IEEE TRANSACTIONS ON ULTRASONICS FERROELECTRICS AND FREQUENCY CONTROL, vol.64, no.2, pp.414-423, 2017 (Peer-Reviewed Journal) identifier identifier identifier

  • Publication Type: Article / Article
  • Volume: 64 Issue: 2
  • Publication Date: 2017
  • Doi Number: 10.1109/tuffc.2016.2628882
  • Journal Indexes: Science Citation Index Expanded, Scopus
  • Page Numbers: pp.414-423
  • Keywords: Backing impedance, bilateral, capacitive micro-machined ultrasonic transducer (CMUT), diffraction constant, equivalent circuit model, hydrophone, transducer, two sided, MULTIPLE MOVING MEMBRANE, ACOUSTIC TRANSDUCERS, BACKING, VOLTAGE


We introduce the large-signal and small-signal equivalent circuit models for a capacitive micromachined ultrasonic transducer (CMUT) cell, which has radiating plates on both sides. We present the diffraction coefficient of baffled and unbaffled CMUT cells.

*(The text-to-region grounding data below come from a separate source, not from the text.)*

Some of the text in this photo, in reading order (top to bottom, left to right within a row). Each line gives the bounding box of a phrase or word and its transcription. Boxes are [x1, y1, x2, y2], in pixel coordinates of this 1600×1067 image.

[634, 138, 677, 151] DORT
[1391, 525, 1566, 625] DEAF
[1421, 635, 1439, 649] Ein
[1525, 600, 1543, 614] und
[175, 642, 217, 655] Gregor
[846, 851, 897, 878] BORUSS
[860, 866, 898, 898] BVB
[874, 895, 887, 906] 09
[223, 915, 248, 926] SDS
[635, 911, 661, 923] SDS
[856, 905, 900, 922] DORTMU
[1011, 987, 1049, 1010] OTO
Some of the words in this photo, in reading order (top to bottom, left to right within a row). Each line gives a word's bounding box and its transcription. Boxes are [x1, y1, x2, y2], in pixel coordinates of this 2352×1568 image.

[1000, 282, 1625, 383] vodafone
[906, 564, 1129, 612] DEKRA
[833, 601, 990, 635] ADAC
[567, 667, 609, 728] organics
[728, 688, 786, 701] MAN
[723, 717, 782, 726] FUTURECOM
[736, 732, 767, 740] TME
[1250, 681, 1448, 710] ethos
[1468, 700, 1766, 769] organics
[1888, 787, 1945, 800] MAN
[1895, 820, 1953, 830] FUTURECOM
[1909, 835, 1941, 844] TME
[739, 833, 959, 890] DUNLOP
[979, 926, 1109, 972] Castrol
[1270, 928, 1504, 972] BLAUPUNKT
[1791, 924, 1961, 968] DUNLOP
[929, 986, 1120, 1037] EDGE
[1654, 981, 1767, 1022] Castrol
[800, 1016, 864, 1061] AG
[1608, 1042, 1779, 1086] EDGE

We show that the substrate can be modeled as a very thick radiating plate on one side, which can be readily incorporated in the introduced model. In the limiting case, the reactance of this backing impedance is entirely compliant for substrate materials with a Poisson's ratio less than 1/3. We assess the dependence of the radiation performance of the front plate on the thickness of the back plate by simulating an array of bilateral CMUT cells. We find that the small-signal linear model is sufficiently accurate for large-signal excitation, for the purpose of the determining the fundamental component. To determine harmonic distortion, the large-signal model must be used with harmonic balance analysis. Rayleigh-Bloch waves are excited at the front and back surfaces similar to conventional CMUT arrays.